Research in science, technology and society
This research area concerns the relationship between science, technology and society, both historically and during the contemporary period. Today, universities are not only subject to expectations of disciplinary growth of knowledge, but also expectations of economic growth and innovation. During the 20th century science was seen as evolving through its internal logic, although social factors have of course always mattered. During the last 30 years the perspective has changed; it has become seen as legitimate and necessary that the needs of business and political decisions actively affect the development of scholarship. The research area covers, among other things studies the interaction between universities, politics and business from different perspectives.
Ongoing projects
Mapping the geographies of early modern mining knowledge. A digital history of the study tours of the Swedish Bureau of Mines, 1691-1826
Project leader: Jacob Orrje (History of Science and Ideas, Uppsala University)

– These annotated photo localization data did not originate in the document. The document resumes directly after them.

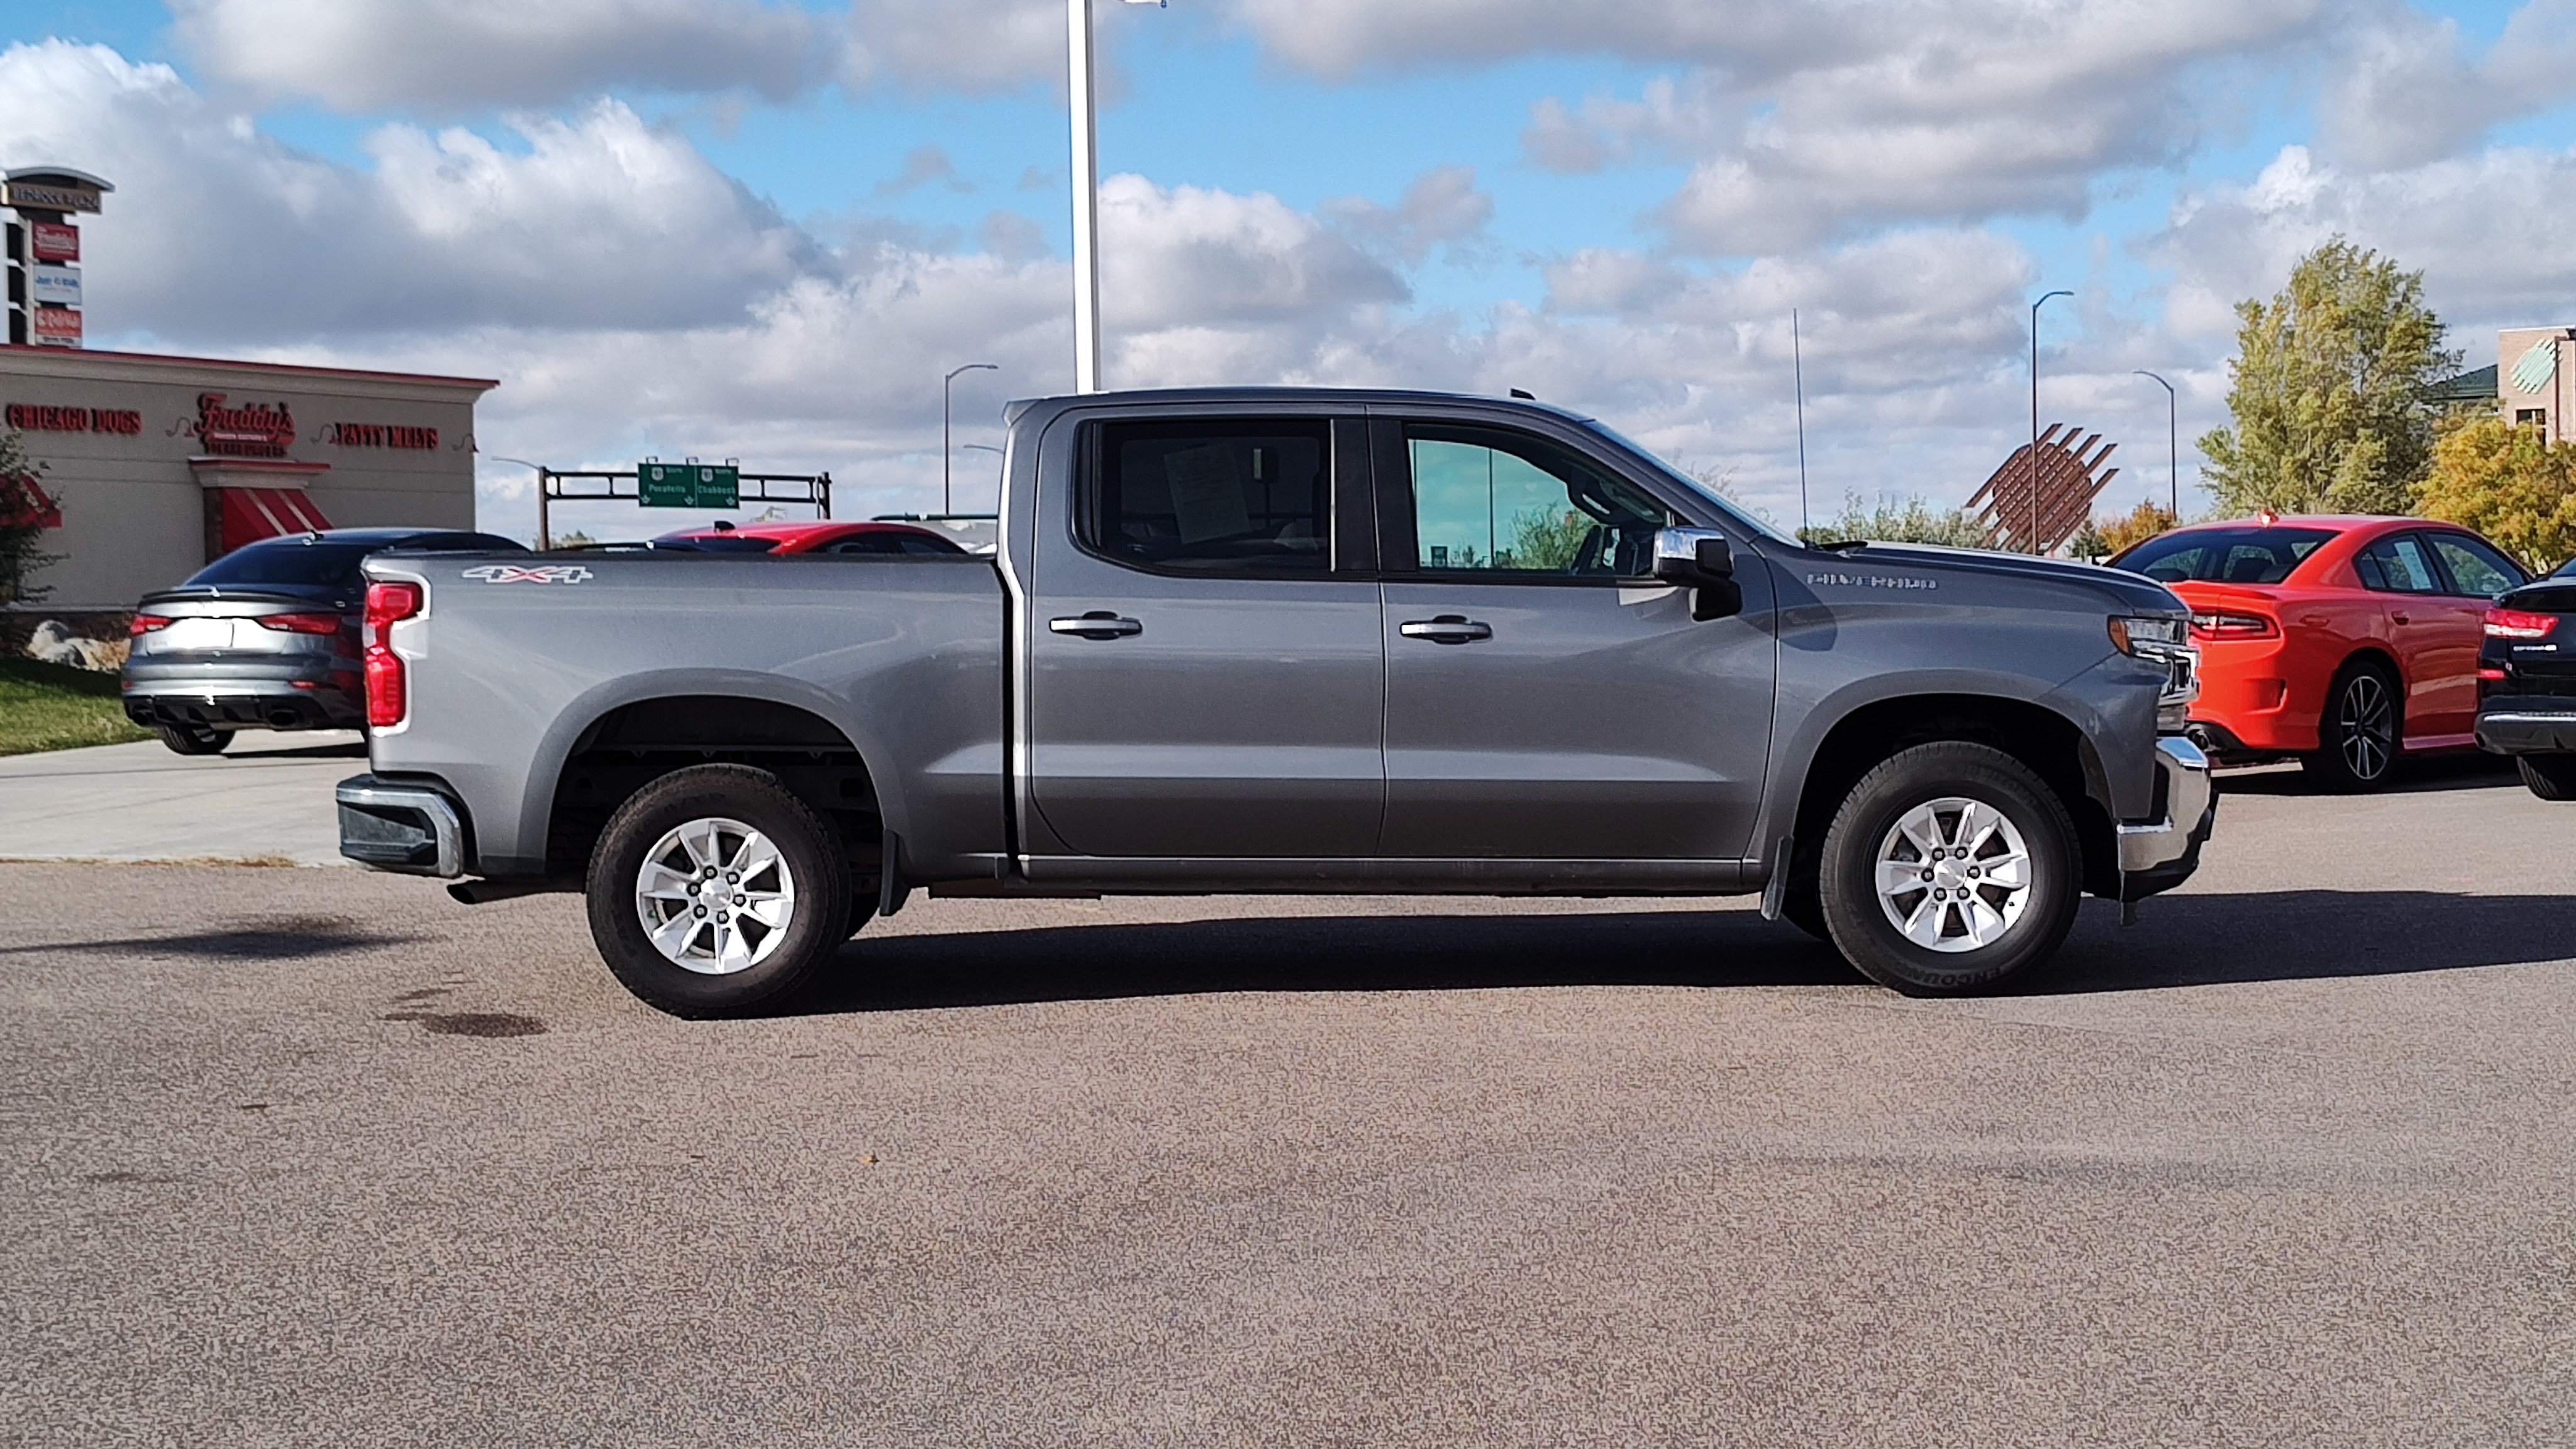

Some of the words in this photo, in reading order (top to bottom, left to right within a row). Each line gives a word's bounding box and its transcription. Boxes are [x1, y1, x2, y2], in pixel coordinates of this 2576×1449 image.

[6, 404, 91, 431] CHICAGO
[91, 408, 142, 435] DOGS
[194, 393, 296, 440] Freddy's
[335, 423, 385, 447] PATTY
[387, 426, 439, 450] MELTS

Project members: Måns Jansson (Economic History, Uppsala University), Olof Karsvall (Swedish National Archives and Human Geography, SU)
Duration: 2022-2024
Funding: Vetenskapsrådet
Early modern mines were like subterranean roots from which fiscal-military states drew military, economic, and scientific power. To improve this vital trade, fledgling European mining administrations encouraged travelling officials to tour foreign territories to collect new useful knowledge. This three-year collaborative project between researchers at Uppsala and Stockholm University uses state-of-the-art digital methods to explore the collection of foreign knowledge of the Swedish Bureau of Mines through their system of study tours.For over 100 years – from the late seventeenth century until the early 1800s – the Bureau encouraged its officials to travel across Europe and beyond. They meticulously documented these voyages, and over time produced numerous handwritten travelogues, which are preserved to this day in the Swedish National Archives. Through, e.g., Handwritten Text Recognition (HTR), and Deep Mapping, we will turn the Bureau’s archive into an enriched dataset suitable for mapping the geographies of early modern mining knowledge, and understanding the practices of the travelling mining officials. Using this data, we will carry out a detailed, yet long-term, analysis of the circulation of mining knowledge. Consequently, the project will provide new insights of how digital methods can be integrated in historical analysis, while also improving our understanding of the rise of modern science, state-making, and industrialisation.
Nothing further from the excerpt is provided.